The following are some common scenarios for Layer 2 forwarding loops:
STP disabled on a switch
A misconfigured load balancer that transmits traffic out multiple ports with the same MAC address
A misconfigured virtual switch that bridges two physical ports (Virtual switchestypically do not participate in STP.)
End users using a dumb network switch or hub
Catalyst switches detect a MAC address that is flapping between interfaces and notify via syslog with the MAC address of the host, VLAN, and ports between which the MAC address is flapping. These messages should be investigated to ensure that a forwarding loop does not exist. Example 3-8 shows a sample syslog message for a flapping MAC address where STP has been removed from the topology.

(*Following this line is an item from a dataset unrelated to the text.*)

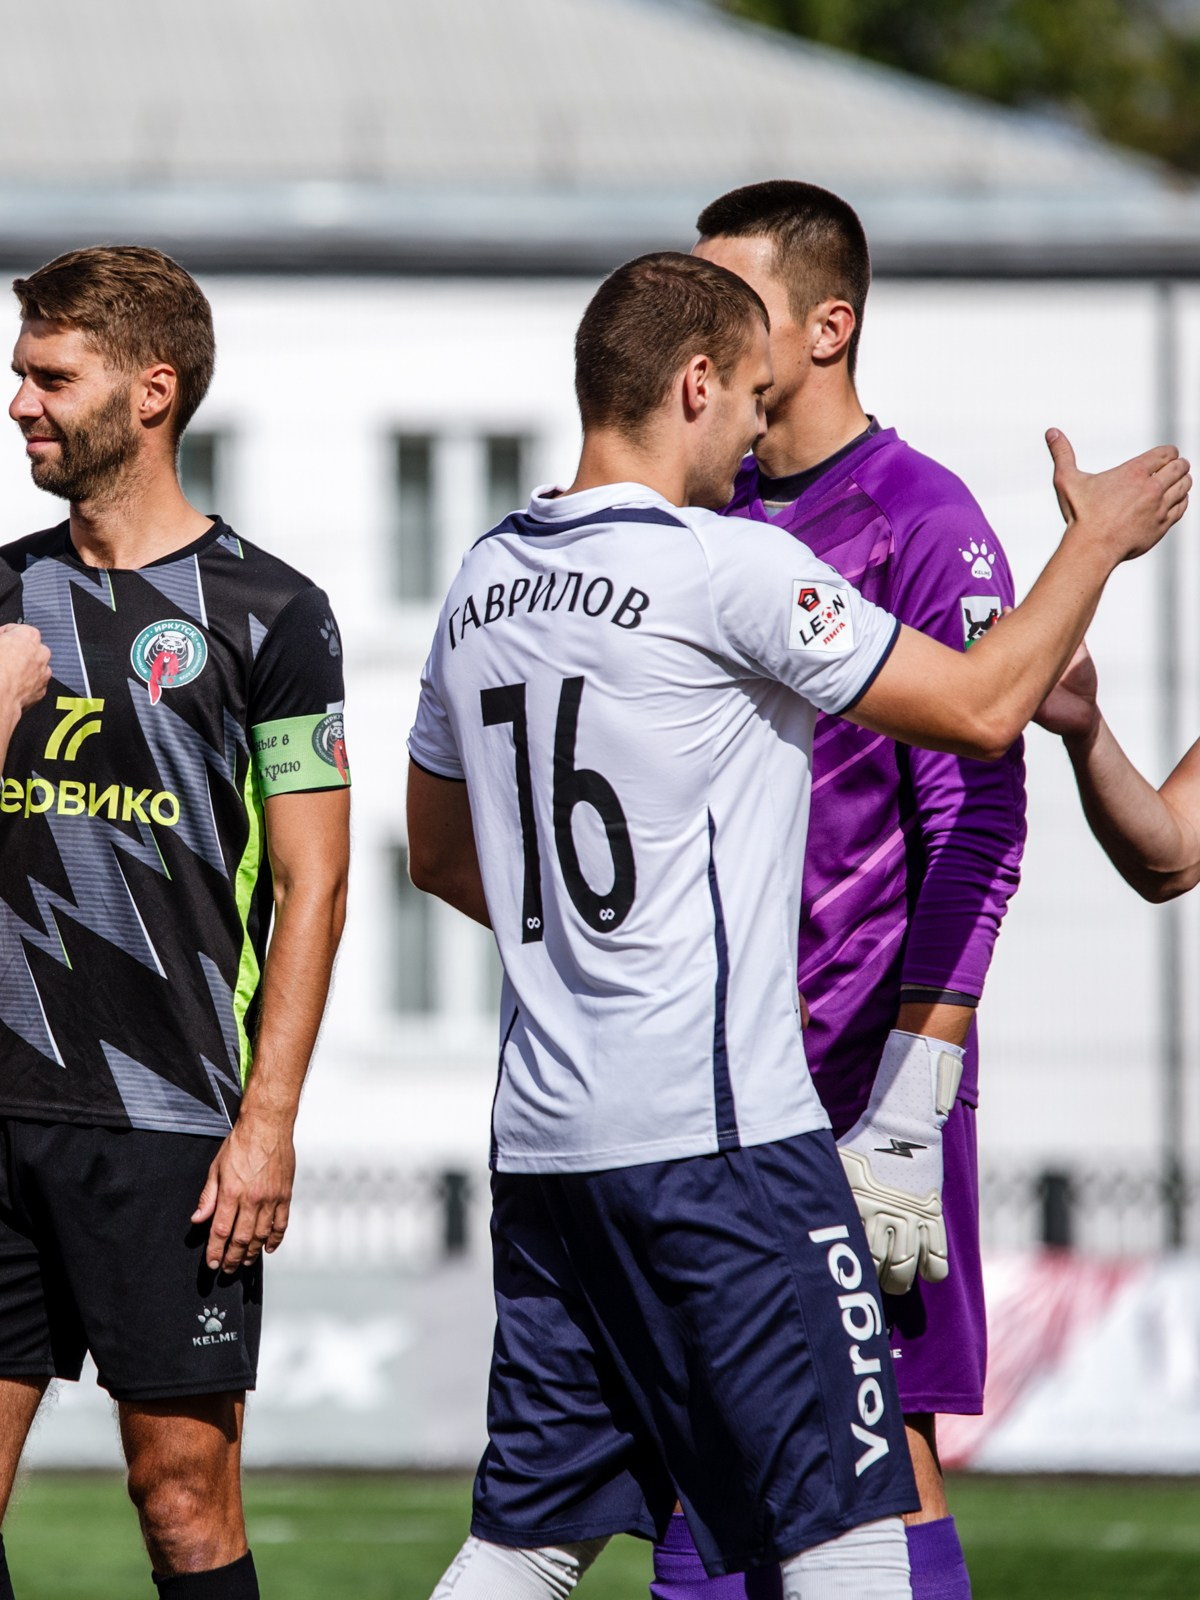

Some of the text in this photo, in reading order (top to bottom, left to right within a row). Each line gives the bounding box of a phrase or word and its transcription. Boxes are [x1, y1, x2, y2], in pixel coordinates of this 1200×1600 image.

Example 3-8 Syslog Message for a Flapping MAC Address
12:40:30.044: %SW_MATM-4-MACFLAP_NOTIF: Host 70df.2f22.b8c7 in vlan 1 is flapping between port Gi1/0/3 and port Gi1/0/2
In this scenario, STP should be checked for all the switches hosting the VLAN mentioned in the syslog message to ensure that spanning tree is enabled and working properly.
Root Guard
Root guard is an STP feature that is enabled on a port-by-port basis; it prevents a configured port from becoming a root port. Root guard prevents a downstream switch (often misconfigured or rogue) from becoming a root bridge in a topology. Root guard functions by placing a port in an ErrDisabled state if a superior BPDU is received on a configured port. This prevents the configured DP with root guard from becoming an RP.

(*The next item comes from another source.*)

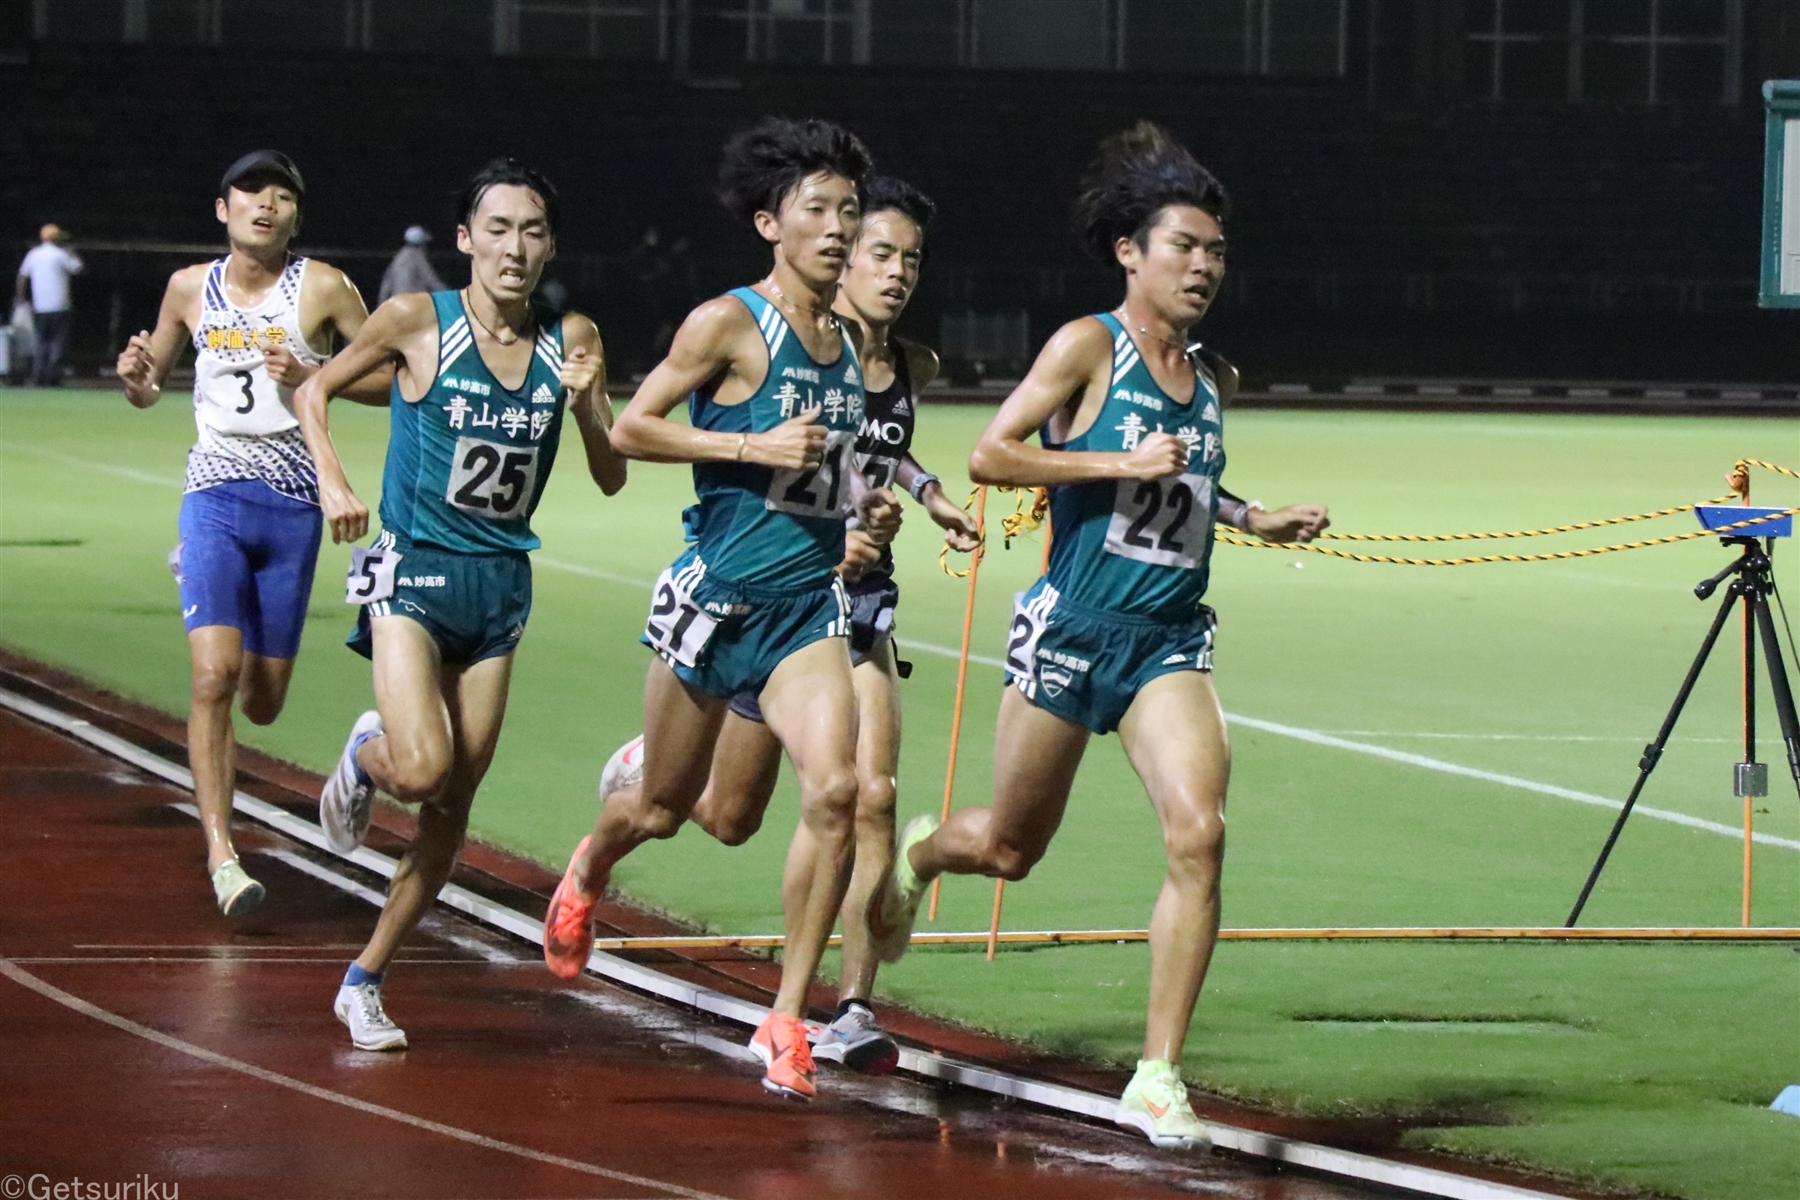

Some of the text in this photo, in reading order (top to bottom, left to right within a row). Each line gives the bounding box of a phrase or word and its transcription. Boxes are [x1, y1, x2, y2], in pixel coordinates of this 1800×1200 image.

Root guard is enabled with the interface command spanning-tree guard root. Root guard is placed on designated ports toward other switches that should never become root bridges.
In the sample topology shown in Figure 3-1, root guard should be placed on SW2’s Gi1/0/4 port toward SW4 and on SW3’s Gi1/0/5 port toward SW5. This prevents SW4 and SW5 from ever becoming root bridges but still allows for SW2 to maintain connectivity to SW1 via SW3 if the link connecting SW1 to SW2 fails.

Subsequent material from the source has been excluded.